In carrying out its duties, MACPAC is authorized to obtain necessary data from any state agency
responsible for administering Medicaid or CHIP. The provision of these state data is a condition
for receiving federal matching funds under either program. P.L. 111-148 requires MACPAC to
seek state input and review state data, and to consider state information in its recommendations
and reports. Both MACPAC and MedPAC are required to coordinate and consult with the Federal
Coordinated Health Care Office (established under §2081 of this new law) before making
recommendations regarding Medicare beneficiaries who are dually eligible. Changes to Medicaid
policy affecting dual eligibles are the responsibility of the MACPAC.
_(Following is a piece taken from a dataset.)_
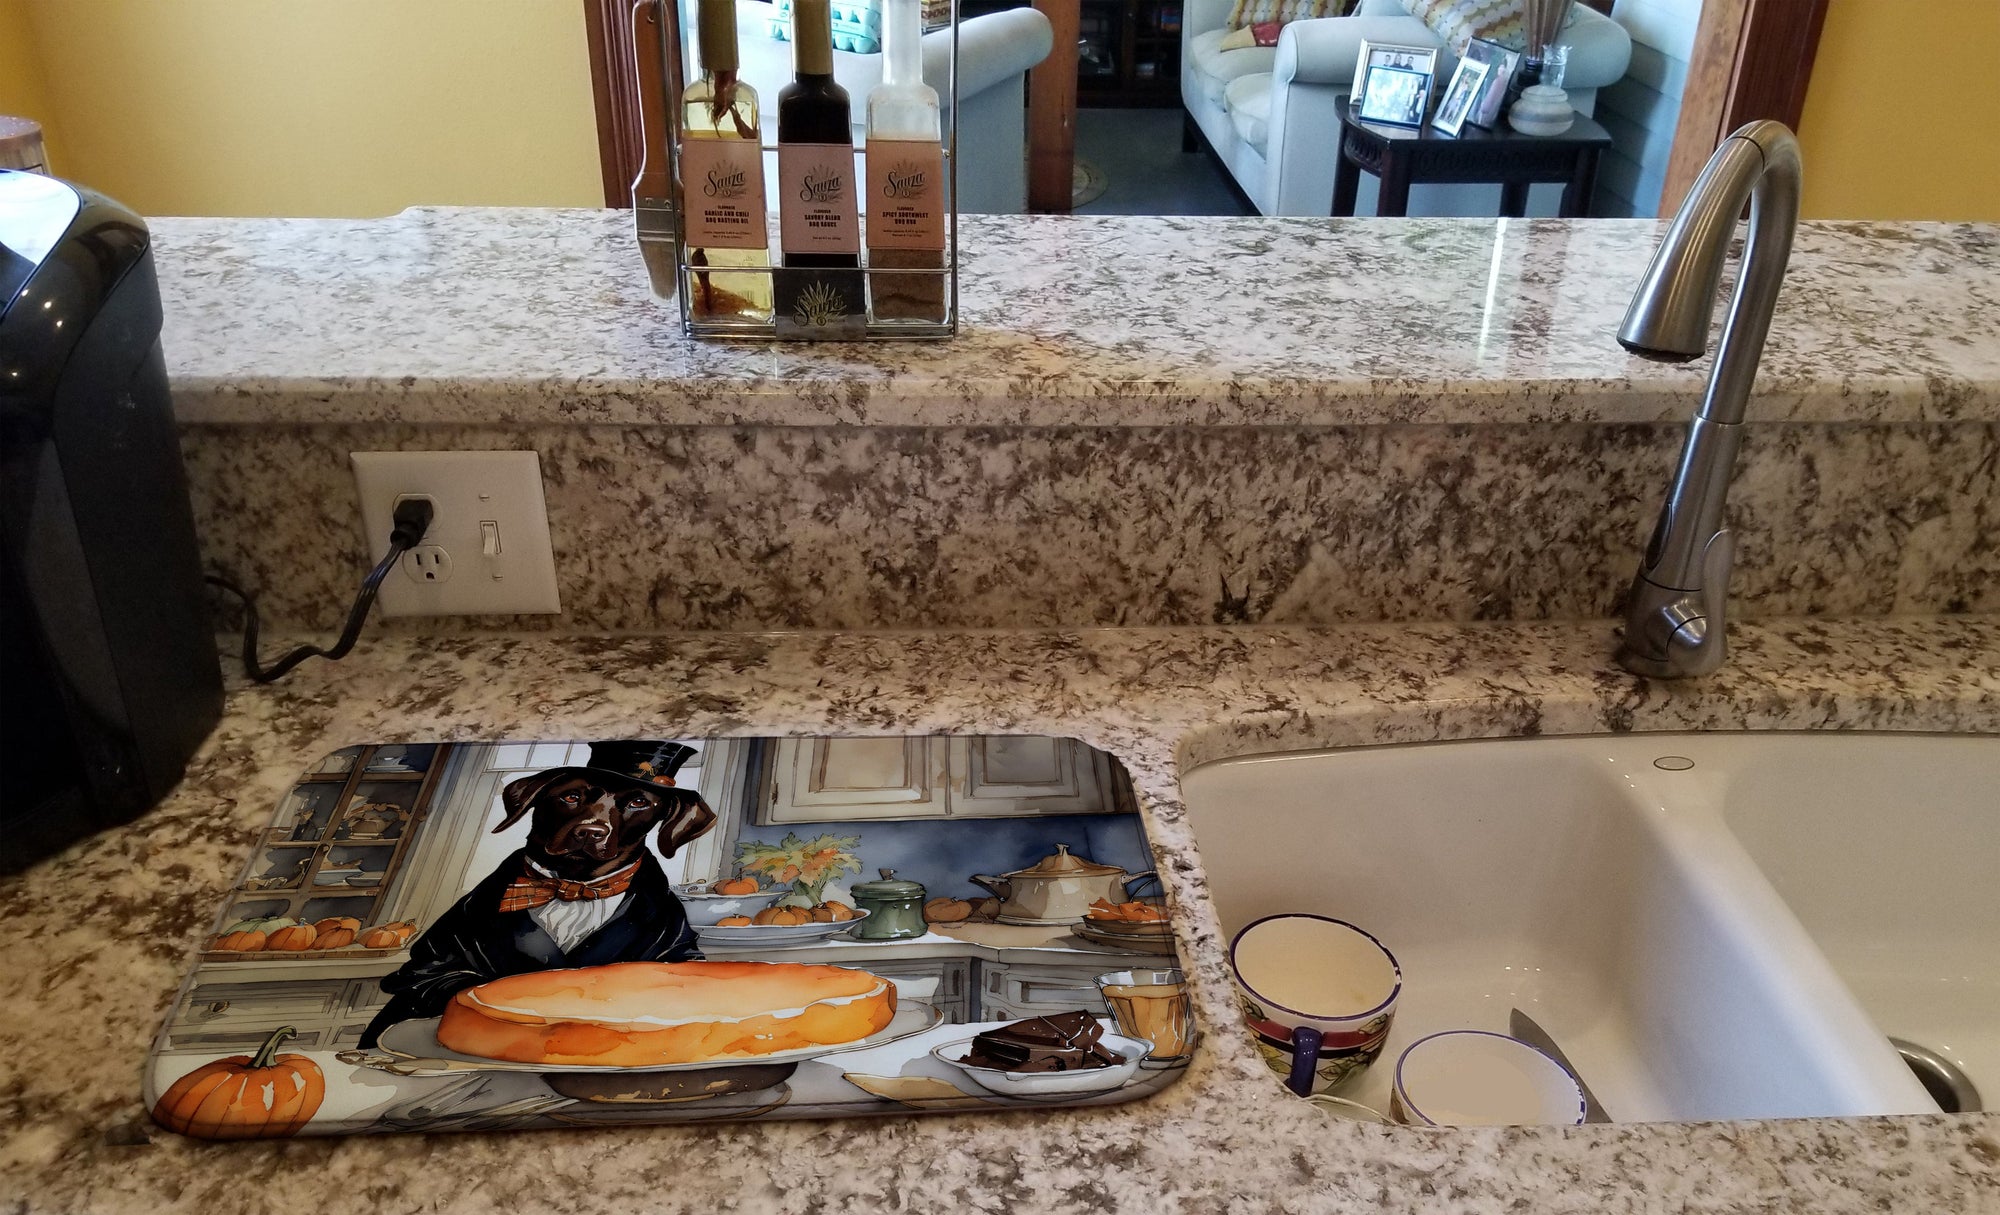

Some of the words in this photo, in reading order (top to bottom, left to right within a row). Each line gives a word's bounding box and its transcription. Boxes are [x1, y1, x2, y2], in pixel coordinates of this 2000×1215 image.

For FY2010, P.L. 111-148 appropriates $11 million for MACPAC. Of this total, $9 million will
come from the Treasury out of any funds not otherwise appropriated, and $2 million will come
from FY2010 CHIP funds, and will remain available until expended. Funding in subsequent years
is not addressed in this provision. This provision is effective upon enactment.
Protections for American Indians and Alaska Natives
(P.L. 111-148: §2901)
The Indian Health Service (IHS), an agency in HHS, provides health care for eligible American
Indians/Alaska Natives through a system of programs and facilities located on or near Indian
reservations and in certain urban areas. These programs, which may be operated by Indian Tribes
(ITs) or Tribal Organization (TOs), are eligible to receive reimbursements from Medicare,
Medicaid, CHIP, state programs, and third parties such as private insurance. Facilities are
permitted to retain these reimbursements and use them to increase available services.45 Prior to
PPACA, IHS, an IT, or a TO was only considered the payor of last resort for contract health
services—services that these facilities purchase through contract, with providers in instances
where the facility or program cannot provide the needed care. PPACA designates programs
operated by IHS, an IT, TO, or an urban Indian organization (UIO) as the payer of last resort for
services provided to eligible American Indians and Alaska Natives, including services covered by
Medicaid and CHIP. IHS funds are limited and tribal members have raised concerns about which
program is considered the payor of last resort.46 This provision will clarify such issues, and, as a
result, may provide additional funding to programs operated by the IHS, ITs, TOs, or UIOs.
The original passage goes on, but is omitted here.